I personally do not care about whether the Chamberlain Project will become yet another campus-protest controversy; I will have graduated by the time it comes to the college, and anyways, I have full confidence in the long-term ability of Swarthmore’s progressive wing to basically get whatever it wants, as long as it doesn’t touch our sacred endowment.
(The amount of time some of its members spend in the Facebook comments section might slow them down a bit.)
But I do find the rhetorical deployment of Quaker Values in almost every on-campus debate to be disingenuous, to say the least. Call me cynical, but I seriously doubt that most Swatties care much at all about the almost 400-year-old denomination. Outside of having a slightly higher percentage of students from elite Quaker prep schools like Sidwell Friends, it’s a safe bet to say that the vast majority of Swatties have gone their entire lives blissfully untroubled by the Inner Light. How many even know why Quakers are called Quakers?

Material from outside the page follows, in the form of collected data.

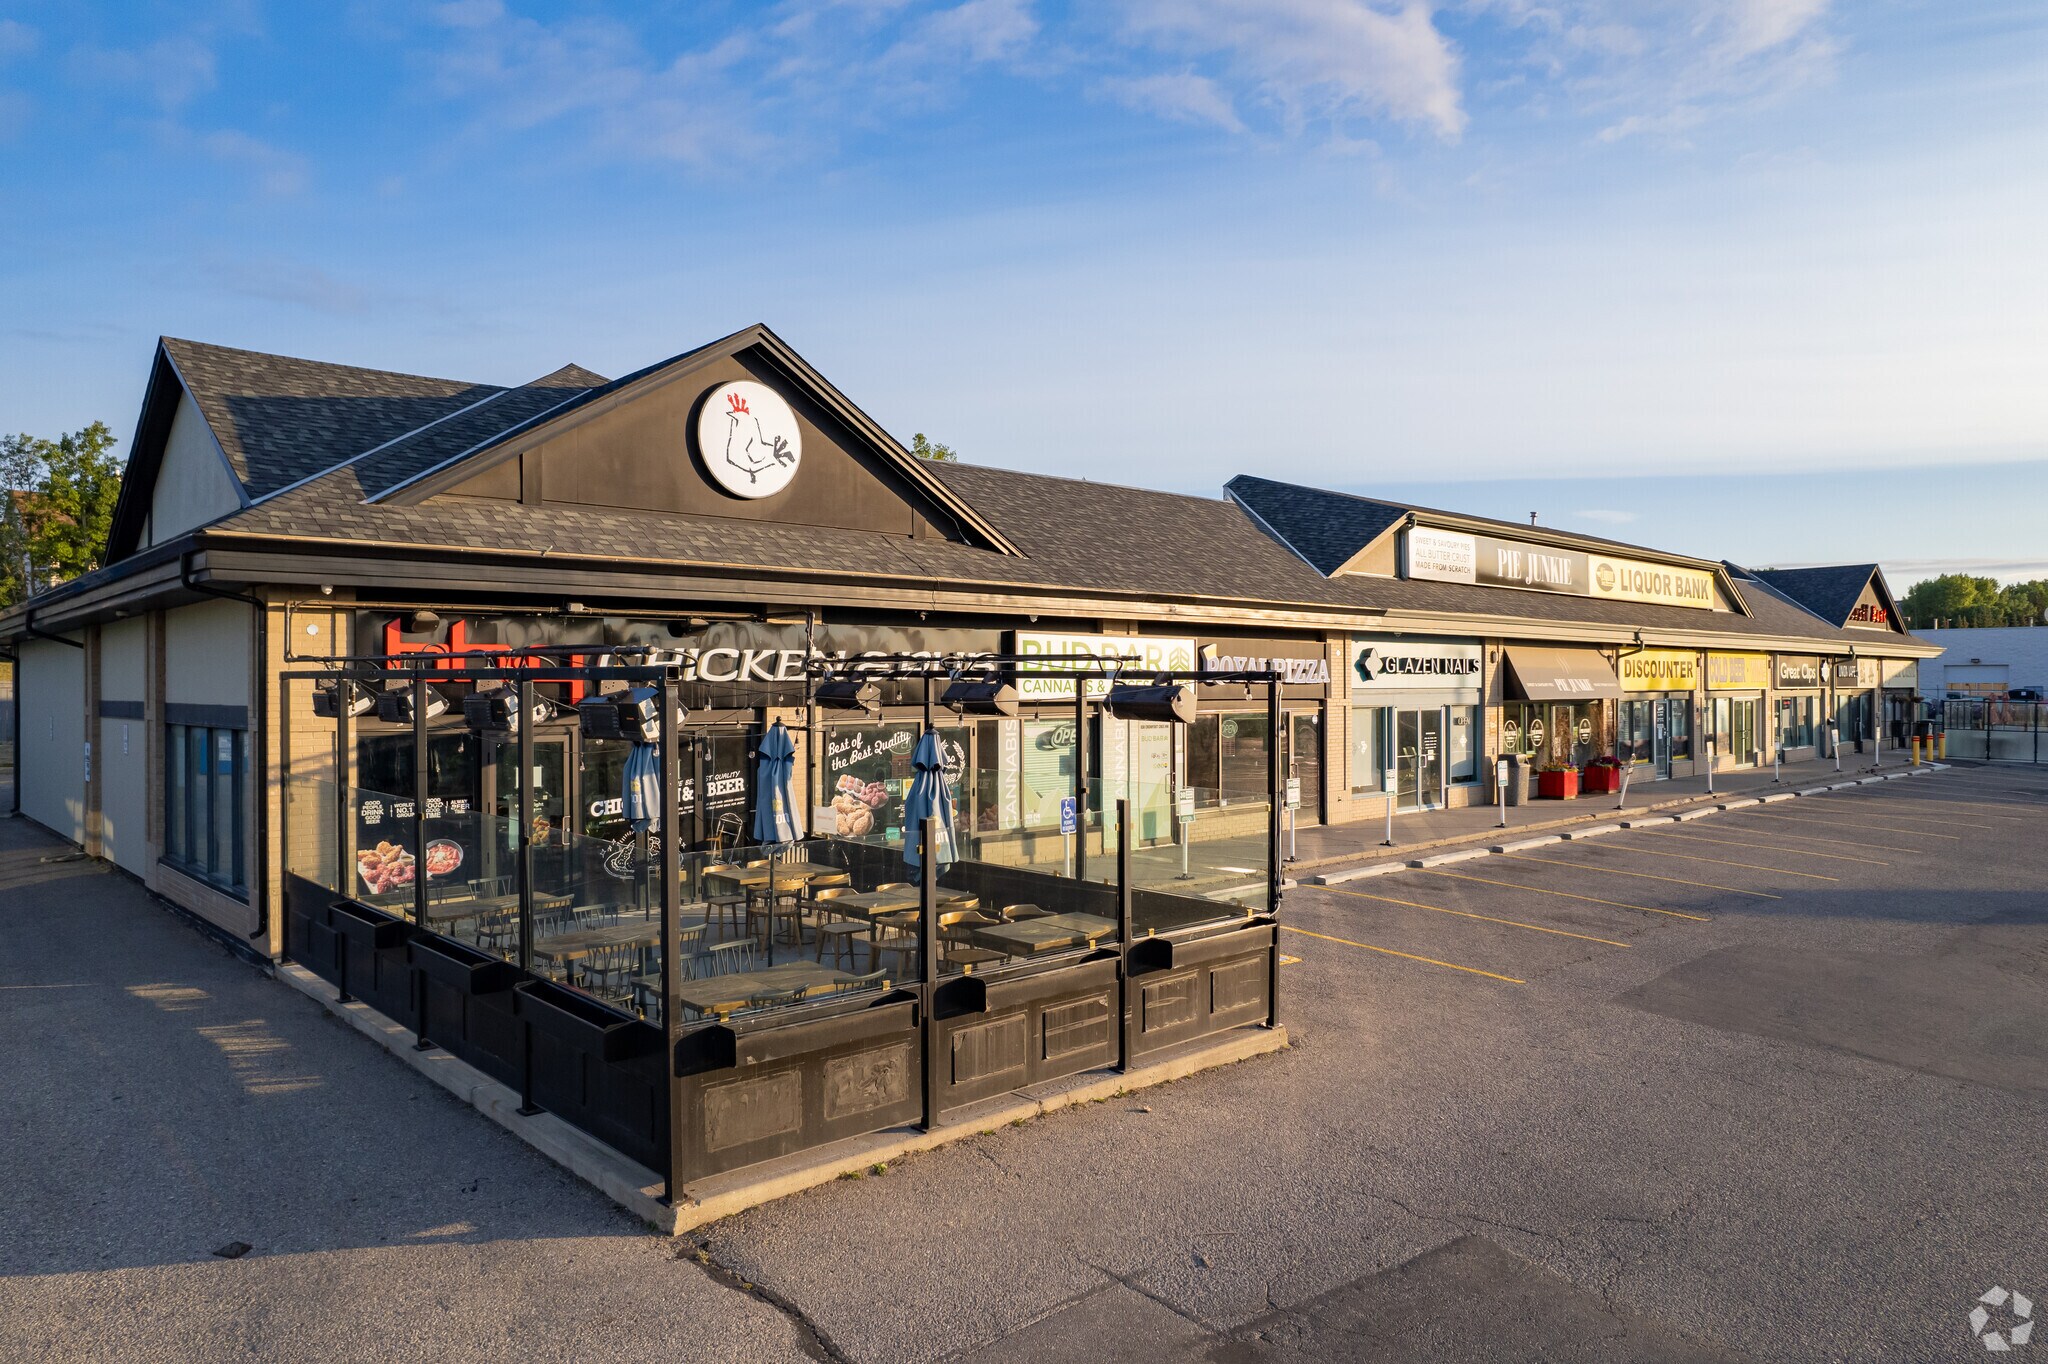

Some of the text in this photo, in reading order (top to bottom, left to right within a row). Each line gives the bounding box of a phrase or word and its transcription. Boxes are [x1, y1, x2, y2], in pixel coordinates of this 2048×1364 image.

[1415, 547, 1470, 564] ALL BUTTER CRUST
[1415, 561, 1471, 574] MADE FROM SCRATCH
[1497, 548, 1573, 585] PIE JUNKIE
[1620, 568, 1709, 600] LIQUOR BANK
[1022, 640, 1163, 672] BUD BAR
[1385, 656, 1480, 674] GLAZEN NAILS
[1206, 655, 1331, 684] ROYAL PIZZA
[1624, 659, 1694, 679] DISCOUNTER
[1709, 656, 1728, 683] COLD
[1729, 657, 1746, 683] BEER
[1780, 662, 1801, 680] Great
[1023, 679, 1094, 693] CANNAS
[1097, 679, 1105, 693] &
[828, 732, 863, 756] Best of
[1053, 727, 1076, 744] OPE
[831, 756, 849, 771] the
[850, 746, 873, 765] Best
[874, 731, 911, 754] Quality
[1115, 721, 1125, 799] ANNABI
[714, 770, 741, 781] QUALITY
[1005, 719, 1017, 829] CANNABIS
[706, 777, 745, 797] BEER
[361, 809, 384, 817] DRINK

This isn’t, of course, the students’ fault. Meeting a Quaker isn’t a particularly common experience; like many traditionally progressive religious denominations, their numbers have dwindled in the 20th and 21st centuries. And Quakers hardly play the prominent public role they did 100 or so years ago, participating in social reform movements like abolitionism, Prohibition, and women’s suffrage.
As an institution, Swarthmore hardly seems to pay much heed to its Quaker roots other than through lip service in its admissions brochures. There is only one course explicitly related to Quakerism in the entire catalogue: “Quakers Past and Present,” (taught by the excellent Professor Ross) offered every other semester. Some students may come across the Society of Friends in other classes. For my own part, I read some of Lucretia Mott’s work in my Religion first-year seminar, encountering a radicalism far more, well, radical than the generic progressivism that dominates our campus: Mott opposed the Civil War on Quaker grounds, and was so committed to personal pacifism that she refused to defend herself from rocks hurled by proslavery mobs in Philadelphia. Her pacifism was more than vague “anti-war” or “anti-militarism” sentiments — it came from far deeper and stranger places than those slogans.

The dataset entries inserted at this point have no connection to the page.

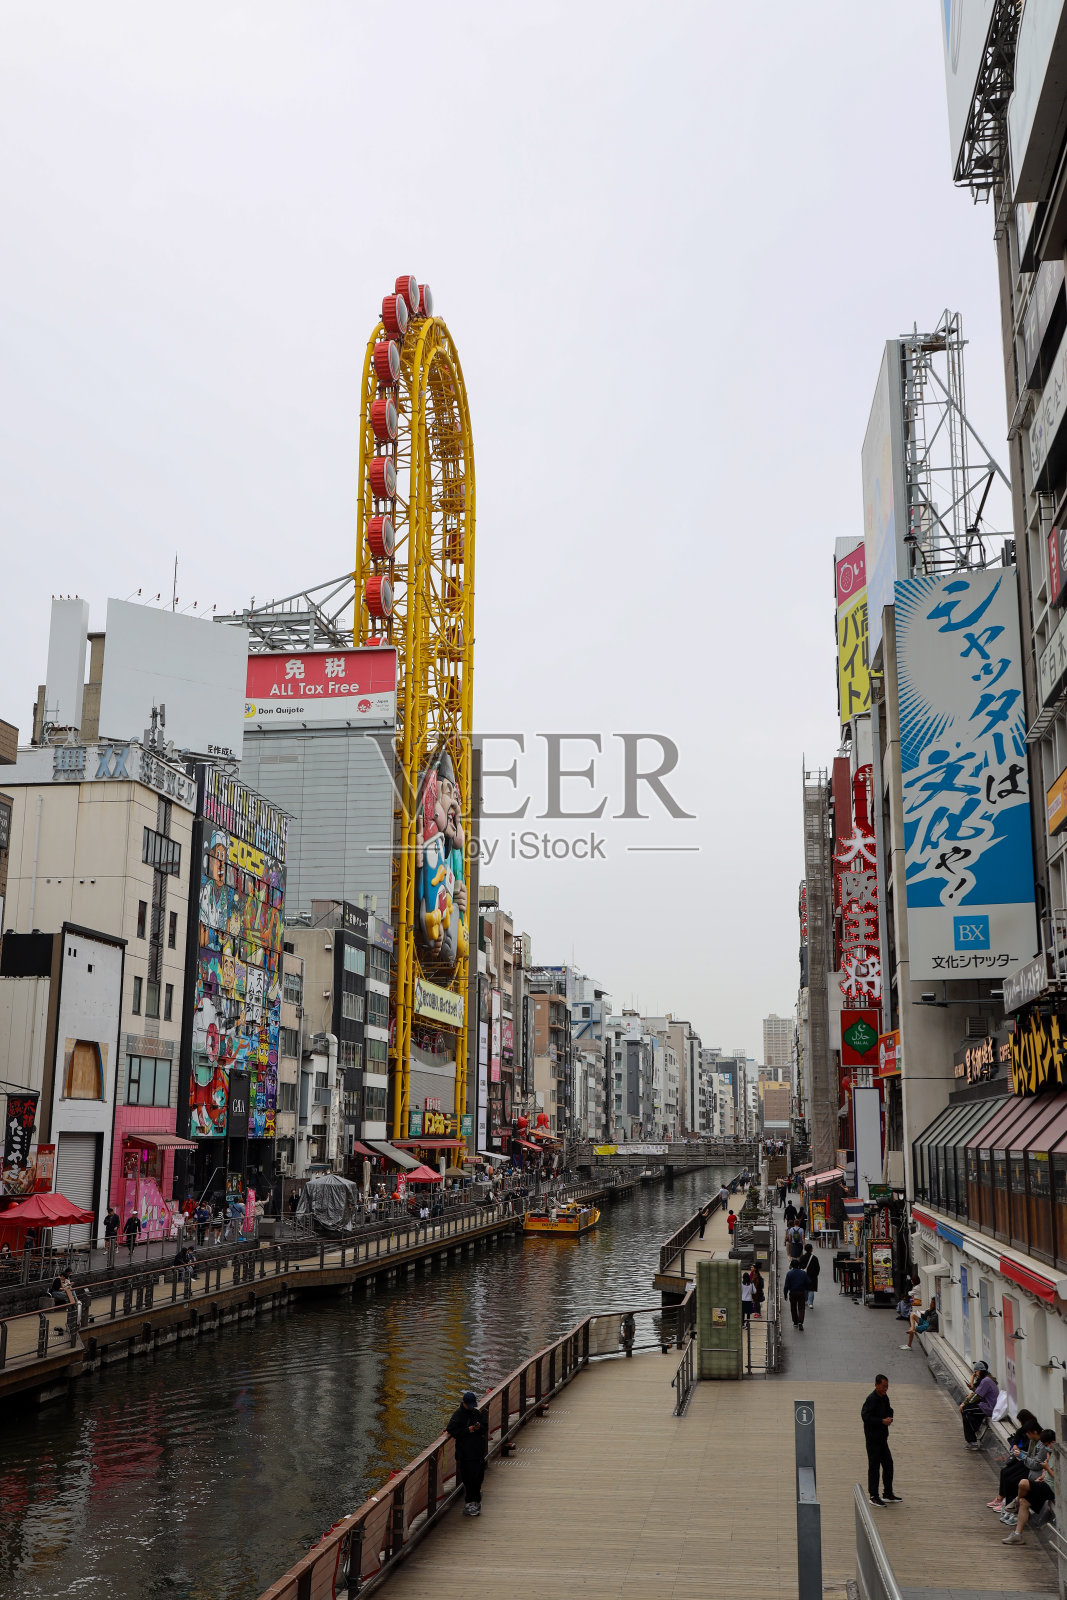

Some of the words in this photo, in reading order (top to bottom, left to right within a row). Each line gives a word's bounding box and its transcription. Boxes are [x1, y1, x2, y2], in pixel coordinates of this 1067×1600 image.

[285, 657, 346, 679] 免税
[843, 607, 861, 715] バイト
[269, 683, 294, 696] ALL
[298, 682, 324, 695] Tax
[328, 681, 359, 694] Free
[258, 707, 274, 715] Don
[275, 706, 305, 716] Quijote
[229, 835, 265, 881] 2025
[832, 826, 881, 999] 大阪王将
[958, 924, 985, 942] BX
[851, 1031, 870, 1041] حلال
[7, 1117, 24, 1180] たこやき

It would be entirely possible, even easy, however, for a Swarthmore student to spend all four of their years at the college having essentially no engagement with anything approaching Quakerism, aside from first and last Collections and vague administration sloganeering. The SGO email is a perfect example of this, approvingly quoting the college’s Mission Statement commitment to “peace, equity, and social responsibility” as if those words were handed down from God, or perhaps George Fox (the founder of Quakerism, whose existence, I am sure, would be news to 99 percent of Swatties).

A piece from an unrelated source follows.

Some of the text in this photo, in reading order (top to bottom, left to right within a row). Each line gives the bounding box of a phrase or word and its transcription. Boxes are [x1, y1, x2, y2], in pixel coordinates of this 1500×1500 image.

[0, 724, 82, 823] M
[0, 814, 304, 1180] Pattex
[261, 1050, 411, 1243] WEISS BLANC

This hasn’t always been true. My grandmother, who went to Swarthmore in the early 1960s, loves telling me about how Swatties would ostentatiously read The New York Times instead of participating at mandatory weekly Collections. I doubt many modern American Quakers would endorse weekly Collections, or similar mandates, but the point is that Quakerism used to lend a texture to the Swarthmore experience that it simply does not today. A more deliberate commitment to having students engage with the tradition might make the College a more interesting place, genuinely giving it an outlook that most other colleges lack. For example, we might have to seriously engage with arguments for and against pacifism, rather than assuming with dogmatic fervor that pacifism is always correct, as SGO seems to do. Instead, we get a few platitudes in a mission statement that no one reads.
This is why arguments using “Quaker Values” always ring so hollow, with students and administrators invoking traditions that they don’t really understand and don’t care much about, except when it allows them to score easy political points. One would think that a college committed to Quaker values might have different political views and priorities than essentially every other elite liberal arts college; in reality, while Swatties do seem to be more activism-oriented than average, opinions here hardly differ from Middlebury or Pomona or Carleton. And Quakerism is more than its history of activism: students at a school “shaped by our Quaker legacy” might, at least, go to more than two Collections.
Editor’s Note: The opinions expressed in this article are solely the author’s and do not reflect the views of The Phoenix Editorial Board.